The 2006 law expanded the Insurrection Act of 1807, which allows presidents to use active-duty or National Guard troops only for domestic police actions to put down rebellions or to enforce constitutional rights if state authorities fail to do so.
The law also said the president could take control of National Guard troops without a governor’s consent in cases where public order breaks down as a result of natural disasters, epidemics, terrorist attacks or “other conditions.”
Sen.
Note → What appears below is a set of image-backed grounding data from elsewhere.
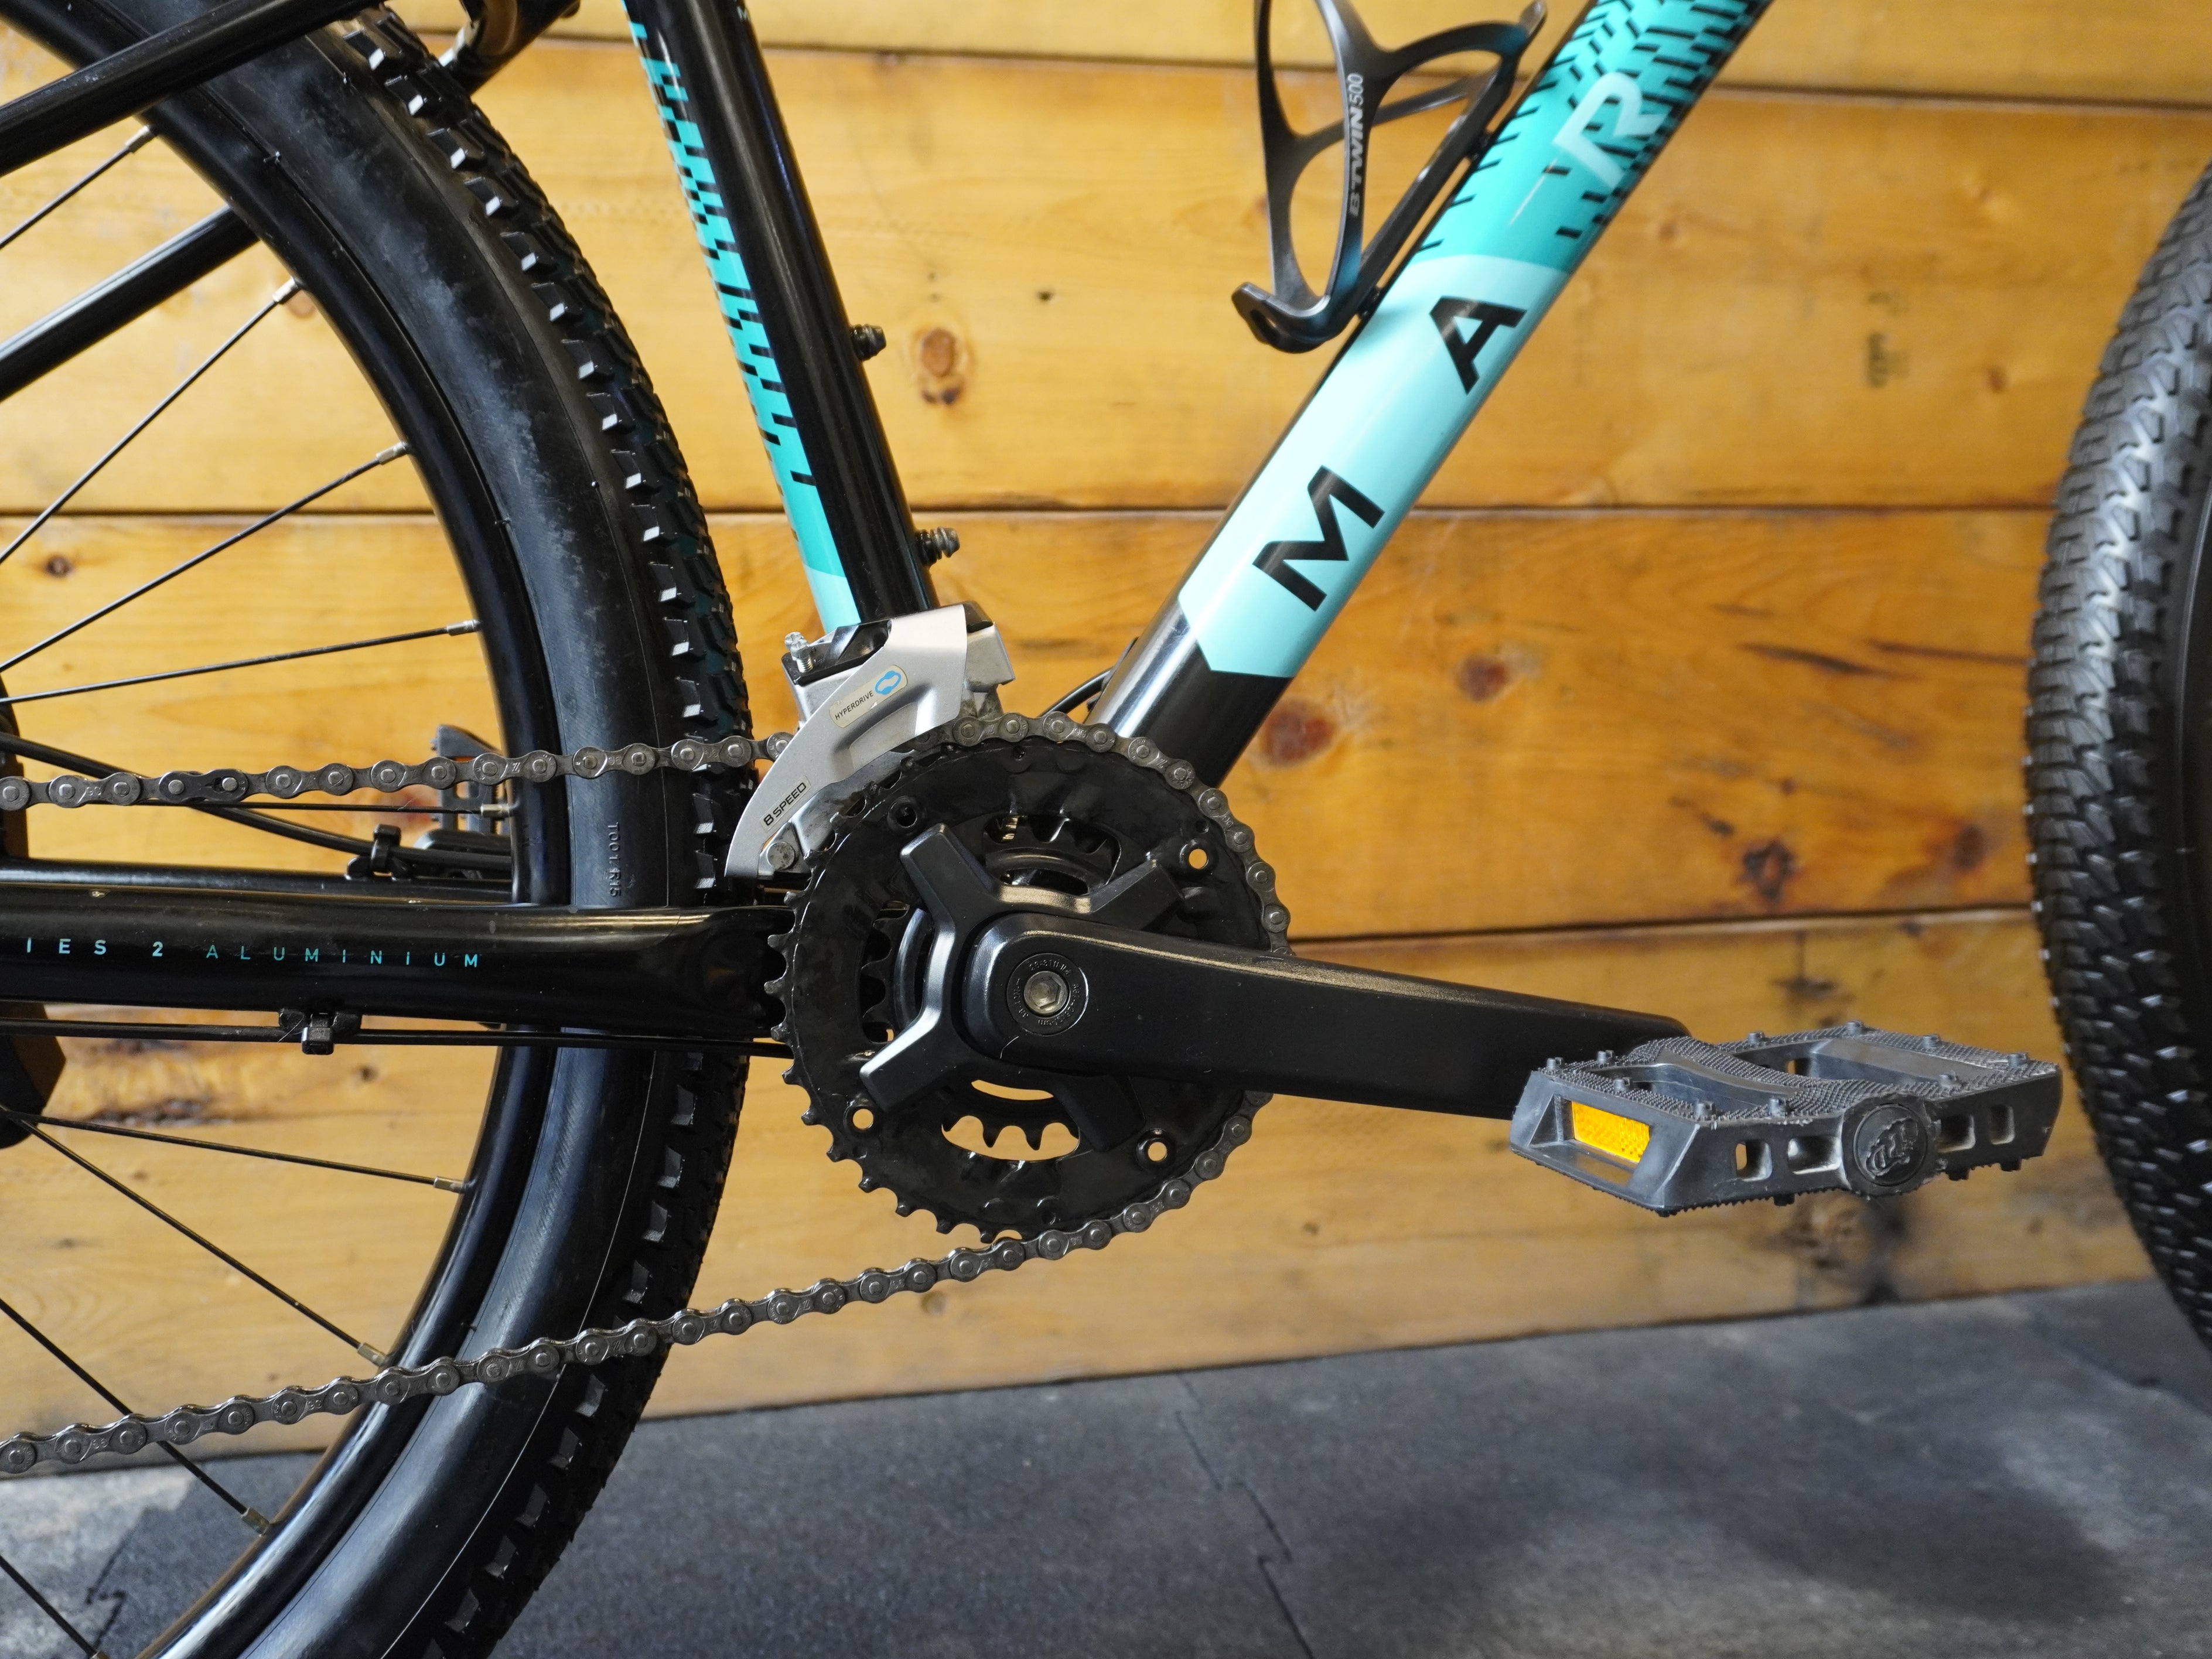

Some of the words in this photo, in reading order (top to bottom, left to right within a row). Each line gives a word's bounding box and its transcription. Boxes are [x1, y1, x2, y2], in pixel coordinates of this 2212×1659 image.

[1347, 72, 1364, 107] 500
[834, 689, 874, 721] HYPERDRIVE
[763, 814, 774, 827] 8
[772, 781, 807, 817] SPEED
[151, 941, 164, 957] 2
[206, 944, 479, 968] ALUMINIUM
Kit Bond, R-Mo., a former governor, said the phrase “other conditions” needed to be repealed because its ambiguity makes it almost certain that presidents would take control during state emergencies.
“We had to get that out,” said Bond, a co-chairman of the 80-member Senate National Guard Caucus. “As a former governor, we commanded the National Guard and in times of emergency the governors do an excellent job.”
Delaware Adjutant General Francis D. Vavala, said the 2006 law was unnecessary and questioned the constitutionality of it.
“In my personal opinion, it was sort of a knee-jerk reaction to the finger-pointing that occurred around Katrina,” said Vavala, president of the Adjutants General Association of the United States.
The Bush administration had sought the increased authority and opposed the repeal.
The result would be “detrimental to the president’s ability to employ the armed forces effectively” to respond to major domestic emergencies,” the statements said.
”It was in essence a real power grab,” Sanford said. ”The presumption has always been, from an operational standpoint, that people who are local probably have a better sense of how to deal with a problem than somebody 500 miles away.”
Sanford said that for example, his state holds exercises and conferences during the year with the National Guard and emergency responders on dealing with a hurricane disaster.
”How dumb would it be to ... have somebody come in who has not been part of any of that and say I’m in charge now,” Sanford said. “That’s exactly what this proposal would have done in the event we are hit by a hurricane.”
Loren Thompson, a military analyst with the Lexington Institute in Alexandria, Va., agreed, noting that probably the most effective leader coming out of the Katrina disaster was Mississippi Gov. Haley Barbour.
“I think everybody recognizes that the governors have a better grasp of what is required in their states than Washington ever will,” he said. “The idea that somebody in the Pentagon or the White House would be second-guessing Barbour on what Mississippi needs in a disaster sounds ridiculous on its face.”